Sainte-Anne-des-Chênes, Manitoba

Juin 2020

Pratiquer la tolérance

Souvent, au cours de ma vie, j’ai constaté que la vie humaine, dans certains pays ou pour certaines personnes, ne vaut pas grand-chose. Ces temps-ci, je remarque que c’est toujours le cas, comme on a pu le constater très près de nous récemment. Que ce soit des gens aux traits asiatiques ou au nez épaté, les personnes de couleur se retrouvent souvent la cible d’agressions physiques ou verbales. C’est bien triste, mais que pouvons-nous faire, me direz-vous? On peut se sentir impuissants lorsqu’on voudrait changer des attitudes et des comportements chez nos voisins, surtout lorsqu’il s’agit de préjugés ancrés dans une culture depuis l’enfance. 

Dernièrement, un ami partageait sur son mur face de bouc* qu’il avait été agressé dans la rue par un individu qui lui a lancé des paroles haineuses. Ce qui m’a surpris, c’est que l’agresseur a lui-même mis le doigt sur le problème en disant « Je déteste les noirs, ils me font peur! ». Oui, la peur, c’est la peur qui engendre la haine et la violence. La peur de ce que l’on ne connaît pas, de ce que l’on ne comprend pas. La peur des gens qui semblent différents de nous. Mais la peur, c’est intimement lié à l’ignorance. 

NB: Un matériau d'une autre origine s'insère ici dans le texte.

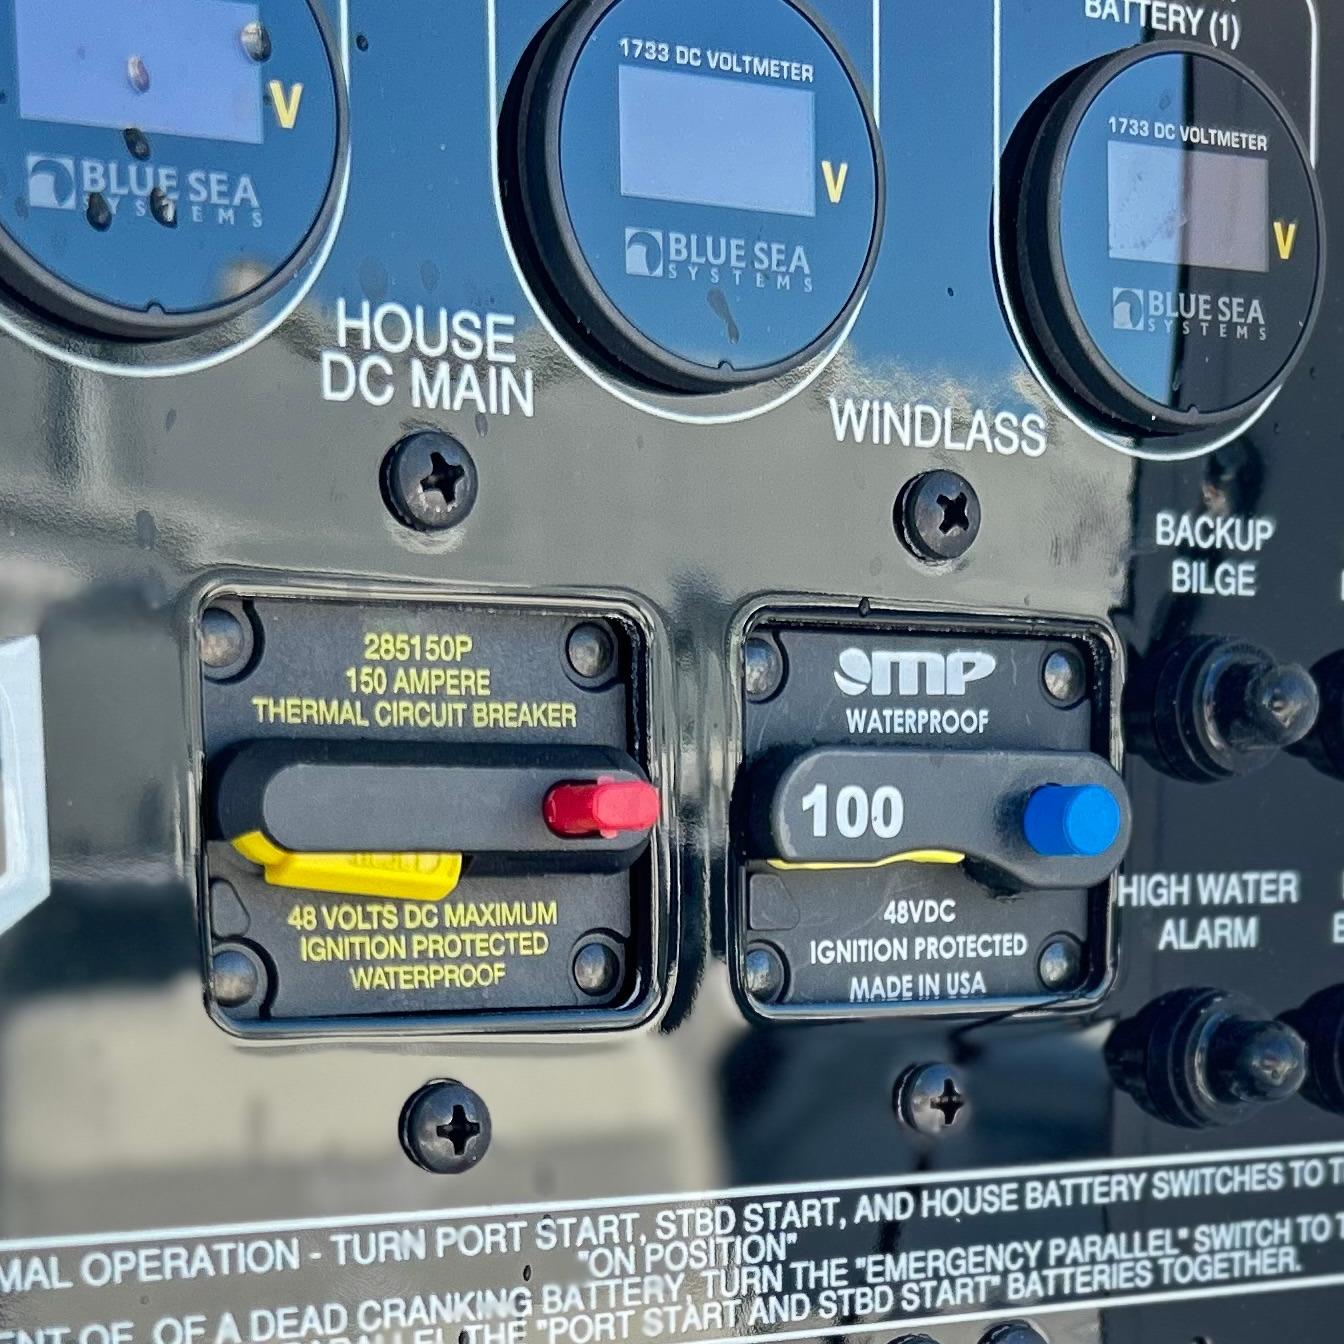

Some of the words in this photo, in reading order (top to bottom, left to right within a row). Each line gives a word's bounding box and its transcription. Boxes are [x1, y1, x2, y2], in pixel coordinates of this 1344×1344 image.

Et c’est là que nous pouvons agir dans notre milieu et sur nous-mêmes : en pratiquant la tolérance, l’ouverture d’esprit, la curiosité intellectuelle et l’envie de comprendre et de connaître l’autre. Nous utiliserons ainsi les armes les plus efficaces pour lutter contre toute forme de discrimination.

 


* Depuis que j’ai visionné Les Bodins : Face de bouc pour les nuls! en 2011, j’utilise cette expression systématiquement. Ça me fait toujours rire.